§ **Problem requirements**
Write out all of the records below precisely as given, omitting the images.

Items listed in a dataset
▽

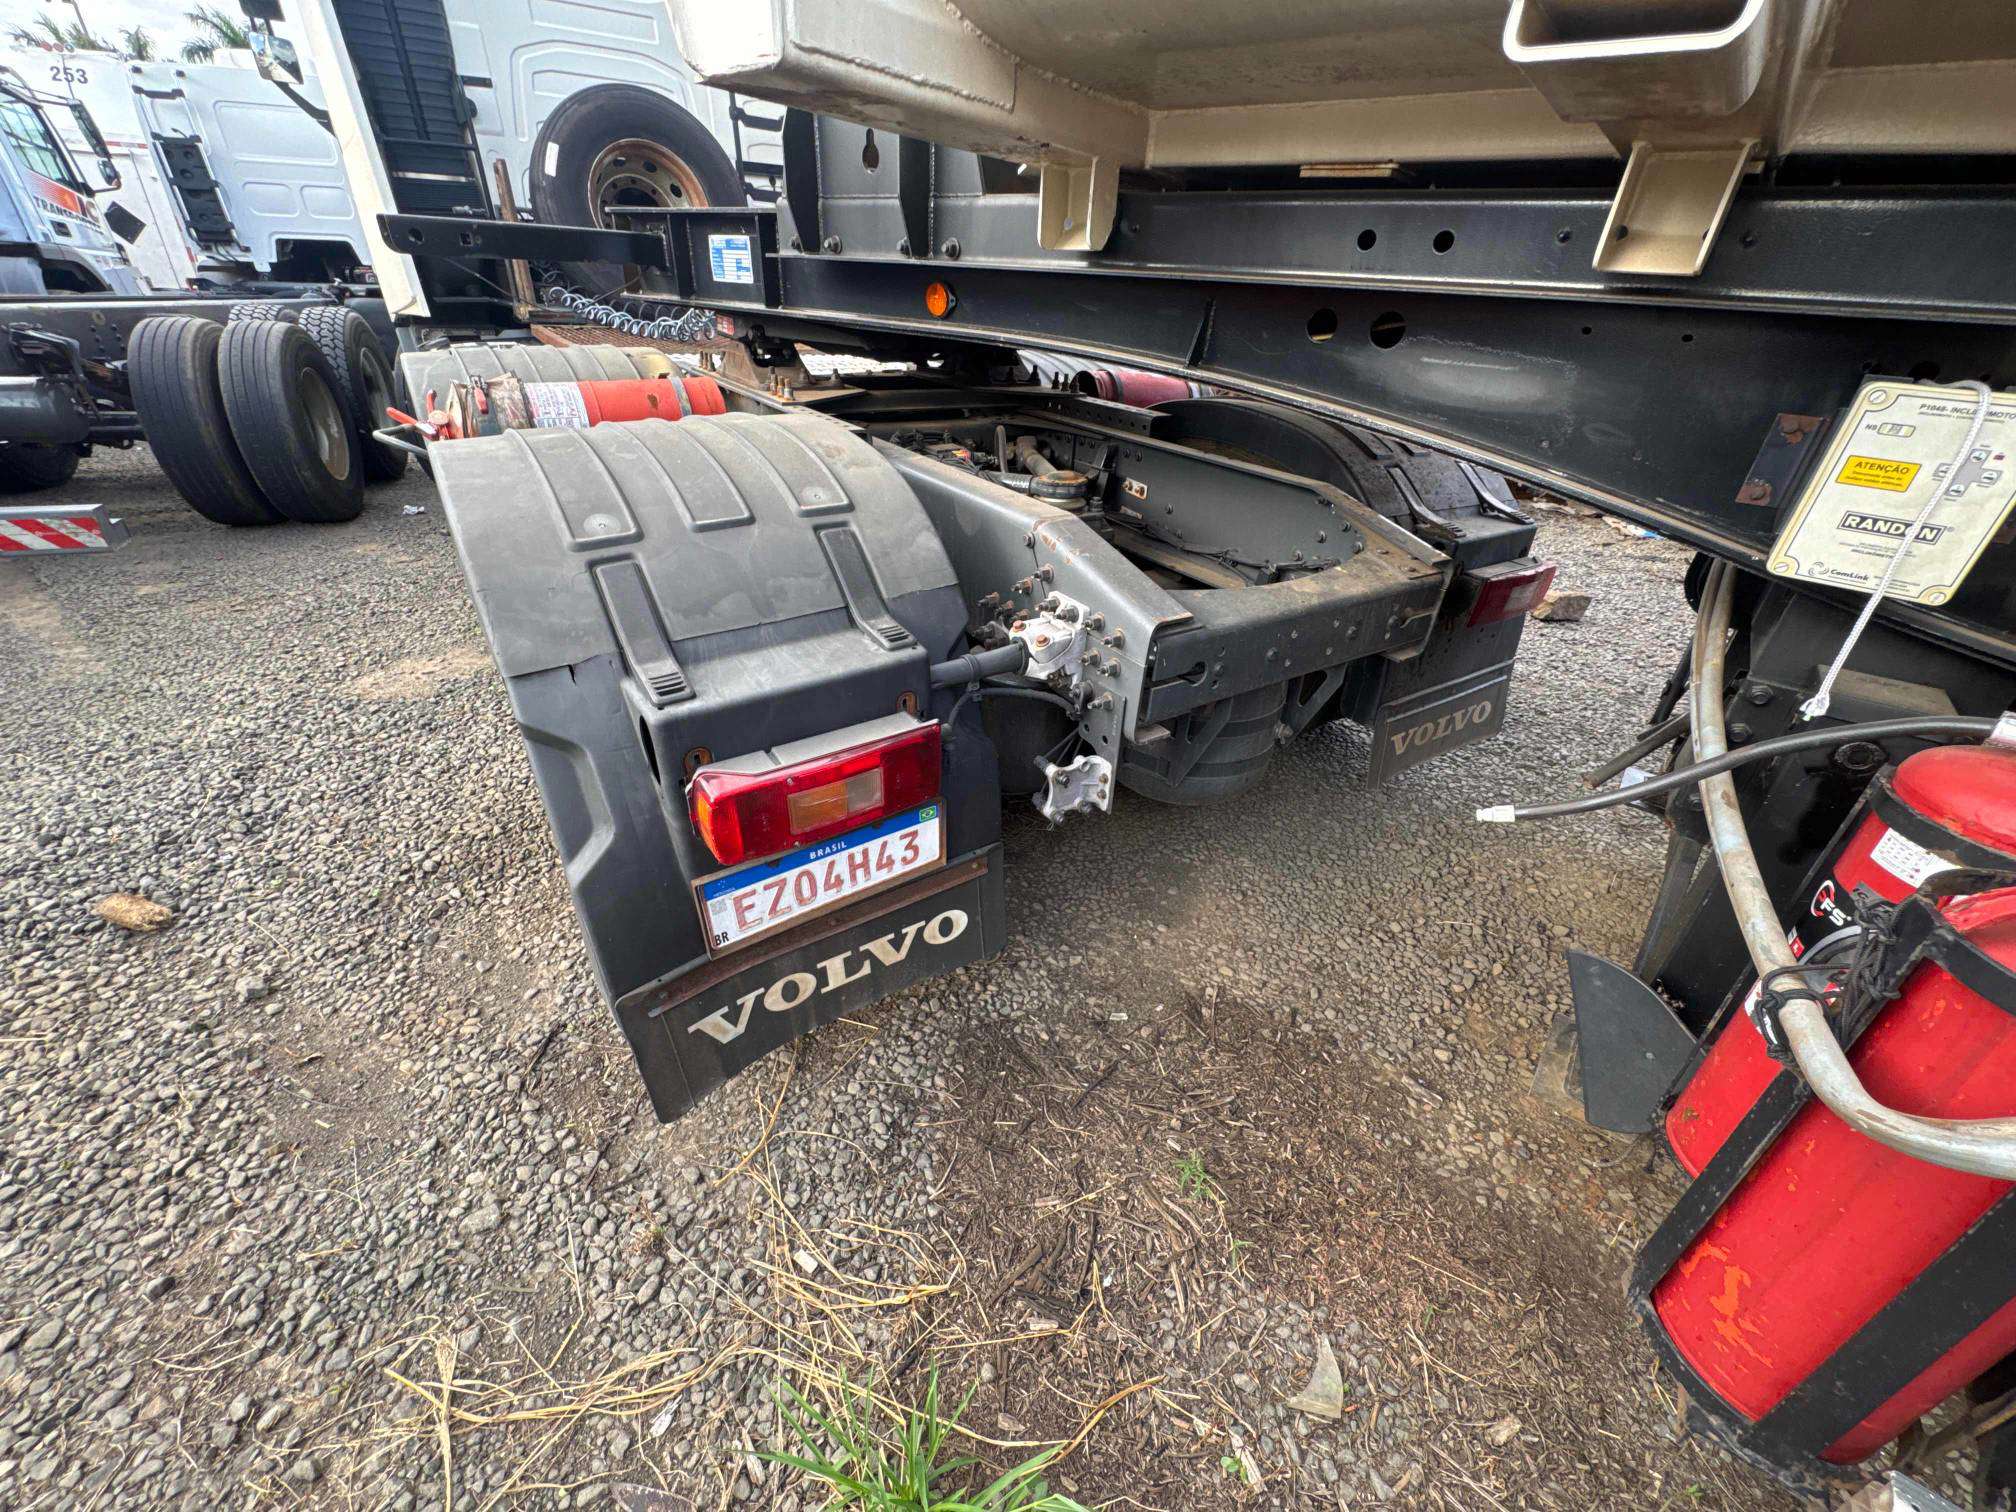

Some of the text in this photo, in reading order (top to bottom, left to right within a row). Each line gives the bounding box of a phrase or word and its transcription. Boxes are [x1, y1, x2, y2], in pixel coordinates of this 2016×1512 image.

[50, 65, 89, 84] 253
[1854, 460, 1910, 475] ATENÇÃO
[1830, 568, 1870, 582] ComLink
[1391, 700, 1492, 755] VOLVO
[809, 840, 848, 860] BRASIL
[732, 829, 921, 933] EZ04H43
[714, 931, 730, 946] BR
[687, 909, 969, 1044] VOLVO
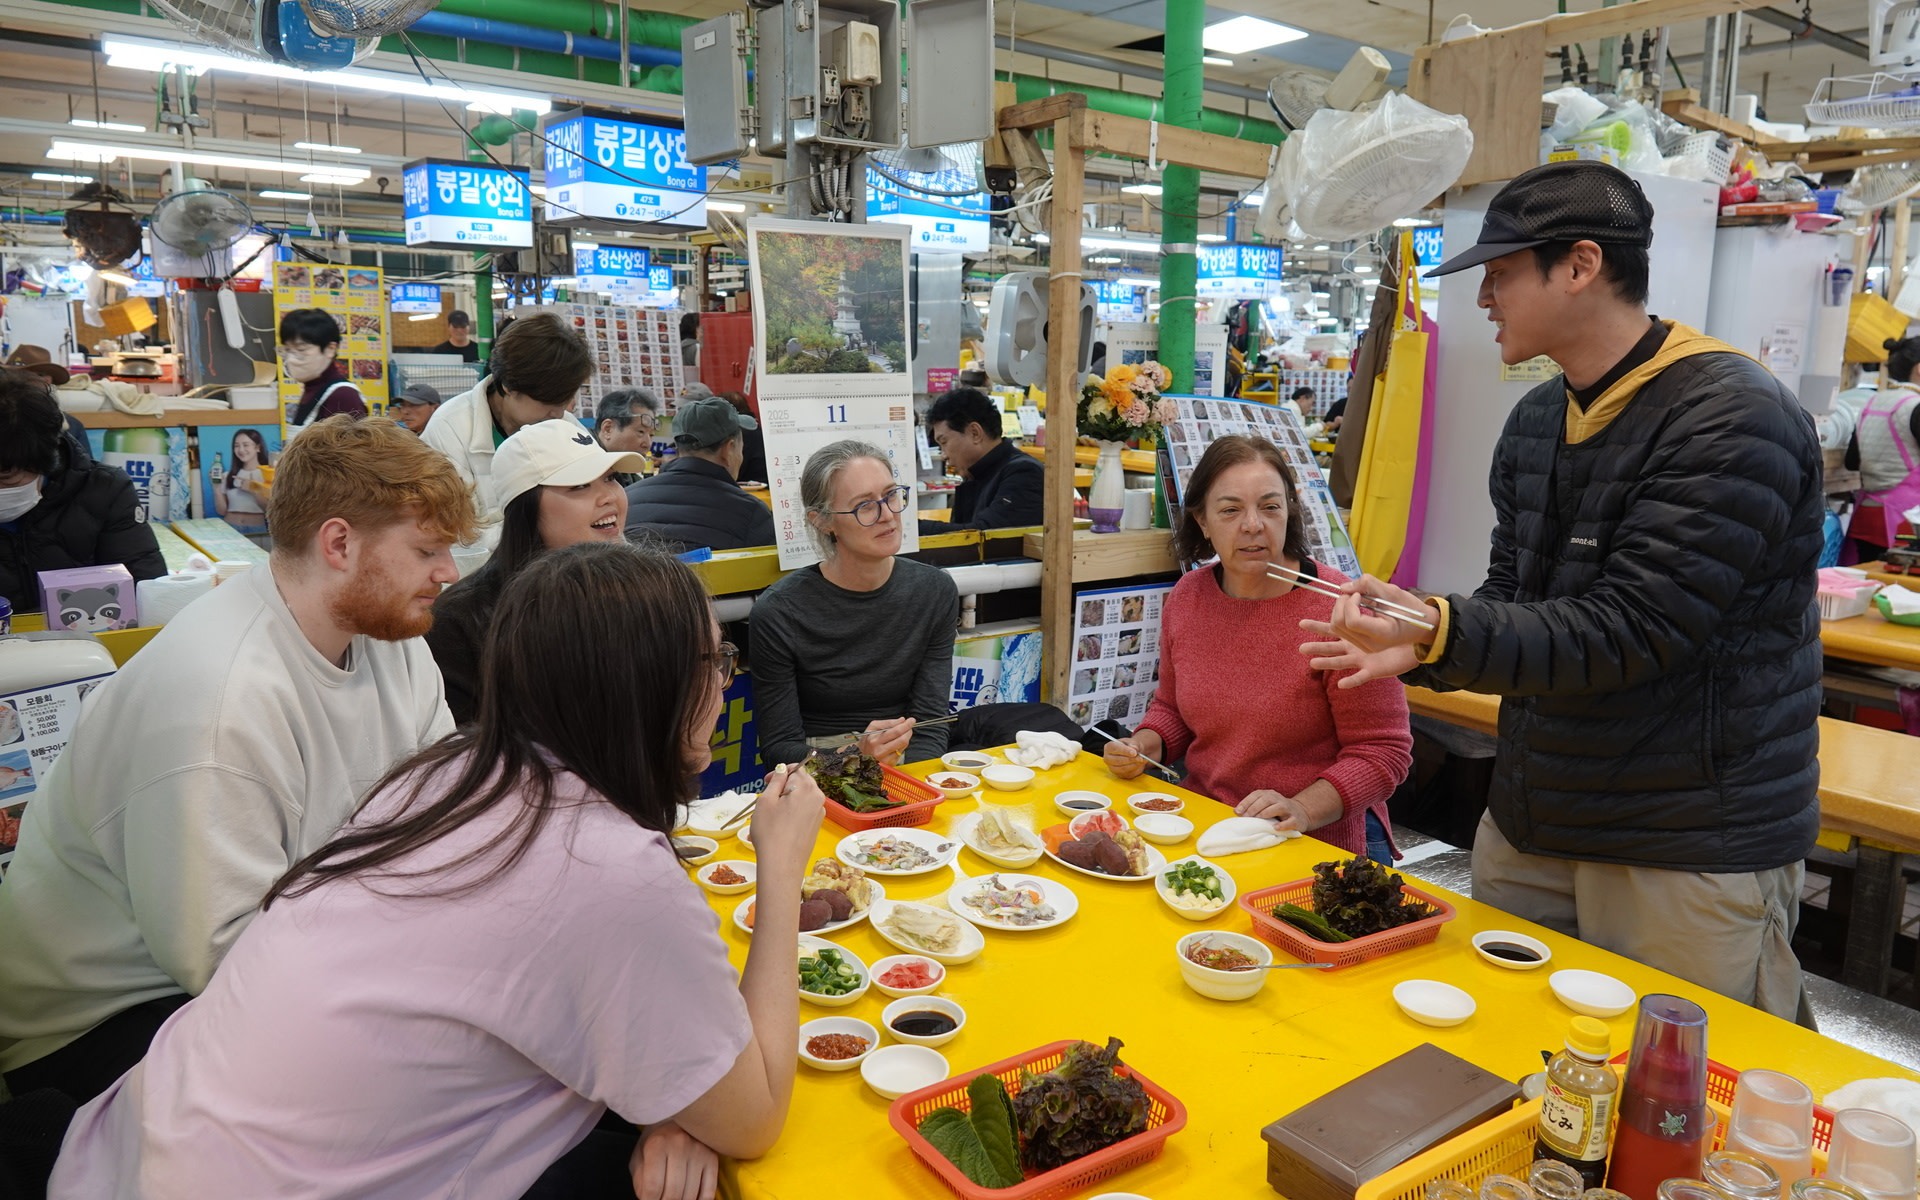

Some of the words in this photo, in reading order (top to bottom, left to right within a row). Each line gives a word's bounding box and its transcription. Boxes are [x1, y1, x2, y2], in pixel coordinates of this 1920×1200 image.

[593, 122, 698, 176] 봉길상회
[667, 176, 686, 188] Bong
[687, 177, 698, 188] Gil
[436, 169, 524, 208] 봉길상회
[497, 207, 514, 217] Bong
[629, 207, 678, 219] 247-0584
[467, 233, 508, 242] 247-0584
[932, 234, 968, 244] 247-0584
[597, 249, 646, 270] 경산상회
[649, 268, 669, 285] 상회
[768, 410, 789, 421] 2025
[827, 404, 848, 424] 11
[774, 457, 780, 466] 2
[795, 456, 800, 465] 3
[888, 450, 894, 459] 8
[777, 478, 783, 488] 9
[780, 500, 790, 509] 16
[783, 521, 792, 530] 23
[784, 532, 794, 541] 30
[36, 714, 57, 724] 50,000
[38, 720, 58, 730] 70,000
[36, 727, 60, 736] 100,000

△

§ **Reply to the exercise**
Some of the text in this photo, in reading order (top to bottom, left to right within a row). Each line gives the bounding box of a phrase or word and its transcription. Boxes are [x1, y1, x2, y2], in pixel coordinates of this 2016×1512 image.

[50, 65, 89, 84] 253
[1854, 460, 1910, 475] ATENÇÃO
[1830, 568, 1870, 582] ComLink
[1391, 700, 1492, 755] VOLVO
[809, 840, 848, 860] BRASIL
[732, 829, 921, 933] EZ04H43
[714, 931, 730, 946] BR
[687, 909, 969, 1044] VOLVO

Some of the words in this photo, in reading order (top to bottom, left to right within a row). Each line gives a word's bounding box and its transcription. Boxes are [x1, y1, x2, y2], in pixel coordinates of this 1920×1200 image.

[593, 122, 698, 176] 봉길상회
[667, 176, 686, 188] Bong
[687, 177, 698, 188] Gil
[436, 169, 524, 208] 봉길상회
[497, 207, 514, 217] Bong
[629, 207, 678, 219] 247-0584
[467, 233, 508, 242] 247-0584
[932, 234, 968, 244] 247-0584
[597, 249, 646, 270] 경산상회
[649, 268, 669, 285] 상회
[768, 410, 789, 421] 2025
[827, 404, 848, 424] 11
[774, 457, 780, 466] 2
[795, 456, 800, 465] 3
[888, 450, 894, 459] 8
[777, 478, 783, 488] 9
[780, 500, 790, 509] 16
[783, 521, 792, 530] 23
[784, 532, 794, 541] 30
[36, 714, 57, 724] 50,000
[38, 720, 58, 730] 70,000
[36, 727, 60, 736] 100,000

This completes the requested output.